Your copy must hold every line of the records word for word. It must hold no pictures.

--------------------

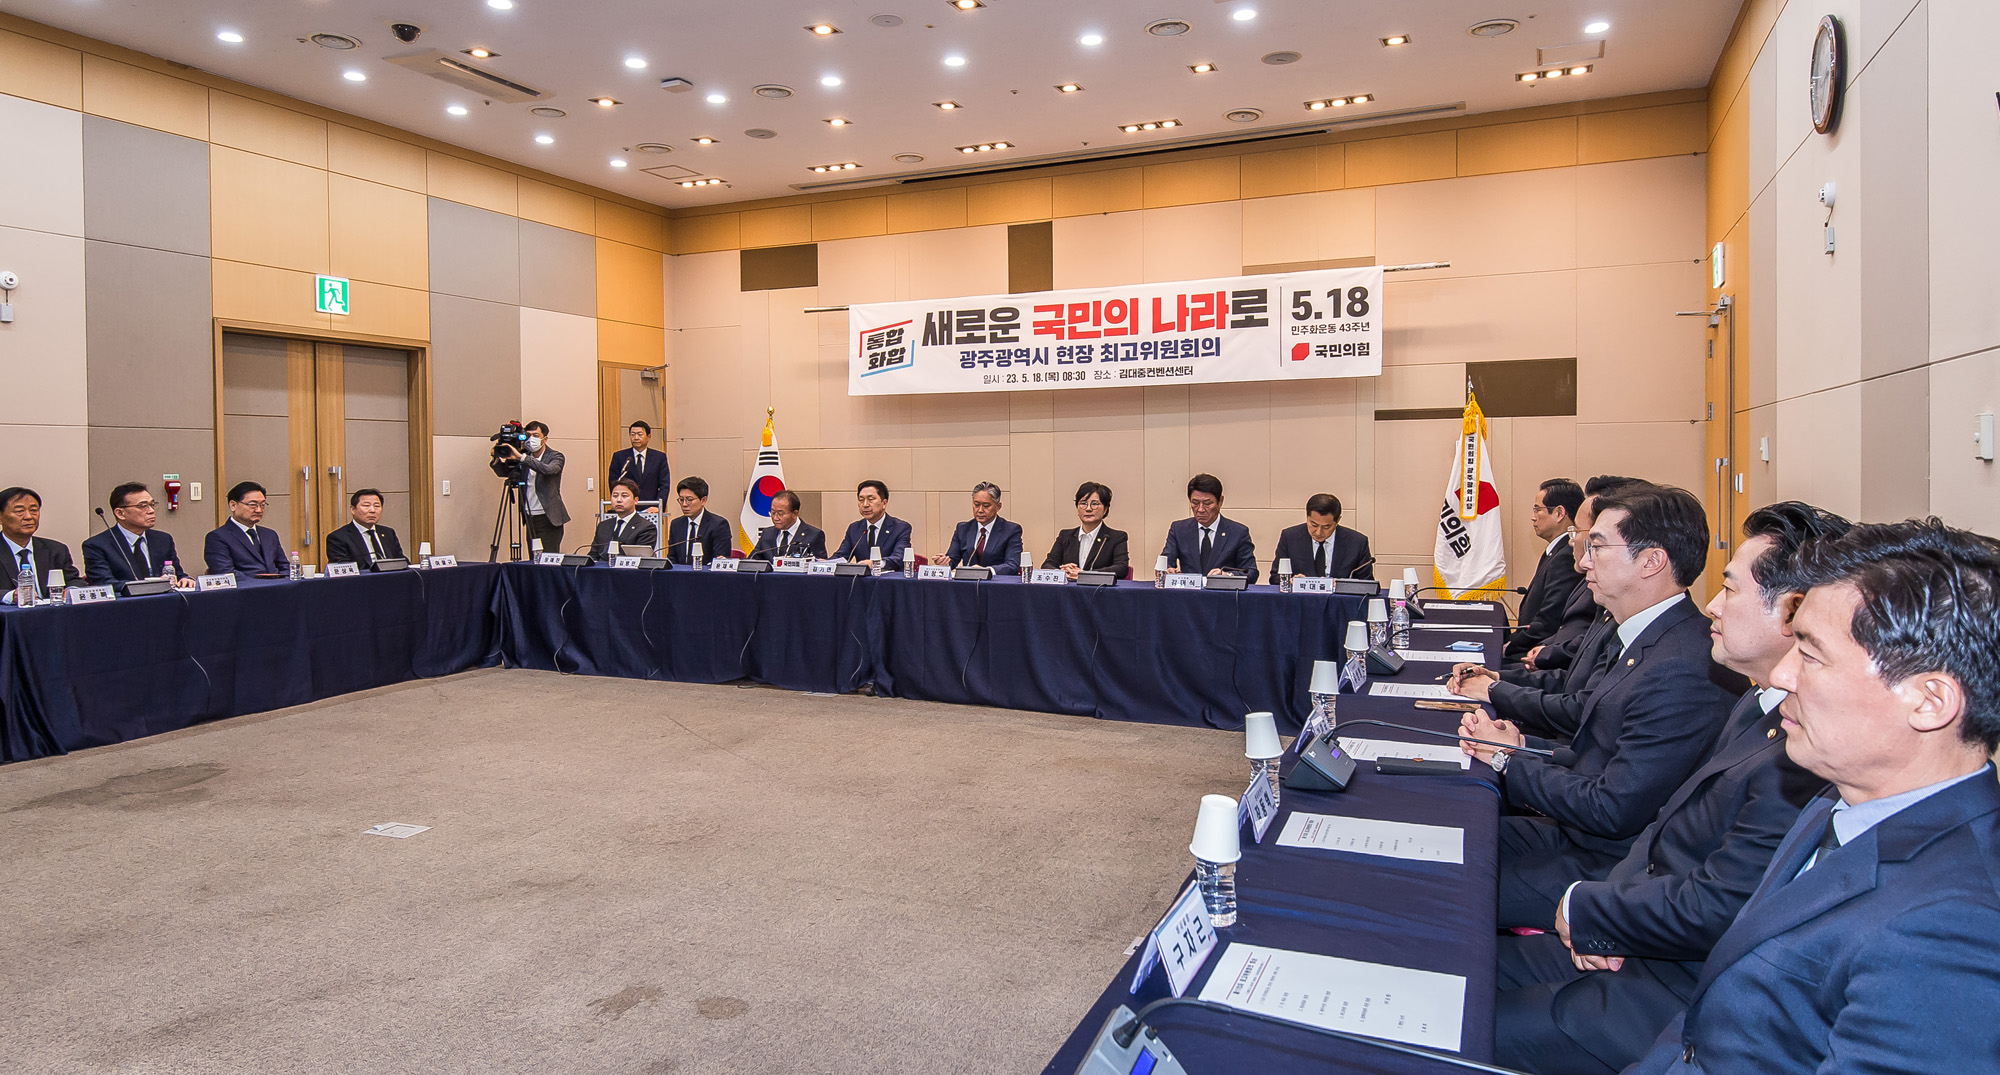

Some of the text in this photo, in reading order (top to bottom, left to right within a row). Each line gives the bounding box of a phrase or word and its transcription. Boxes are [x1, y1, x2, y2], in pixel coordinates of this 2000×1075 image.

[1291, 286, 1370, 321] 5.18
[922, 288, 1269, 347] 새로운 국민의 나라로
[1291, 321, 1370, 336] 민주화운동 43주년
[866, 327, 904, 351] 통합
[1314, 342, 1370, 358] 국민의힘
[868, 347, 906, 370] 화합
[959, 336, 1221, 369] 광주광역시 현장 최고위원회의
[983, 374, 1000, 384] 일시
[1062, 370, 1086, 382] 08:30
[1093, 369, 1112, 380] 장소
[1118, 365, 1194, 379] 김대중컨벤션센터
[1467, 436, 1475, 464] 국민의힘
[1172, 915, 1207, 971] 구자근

--------------------

-- REPLY TO THE EXERCISE --
Some of the text in this photo, in reading order (top to bottom, left to right within a row). Each line gives the bounding box of a phrase or word and its transcription. Boxes are [x1, y1, x2, y2], in pixel coordinates of this 2000×1075 image.

[1291, 286, 1370, 321] 5.18
[922, 288, 1269, 347] 새로운 국민의 나라로
[1291, 321, 1370, 336] 민주화운동 43주년
[866, 327, 904, 351] 통합
[1314, 342, 1370, 358] 국민의힘
[868, 347, 906, 370] 화합
[959, 336, 1221, 369] 광주광역시 현장 최고위원회의
[983, 374, 1000, 384] 일시
[1062, 370, 1086, 382] 08:30
[1093, 369, 1112, 380] 장소
[1118, 365, 1194, 379] 김대중컨벤션센터
[1467, 436, 1475, 464] 국민의힘
[1172, 915, 1207, 971] 구자근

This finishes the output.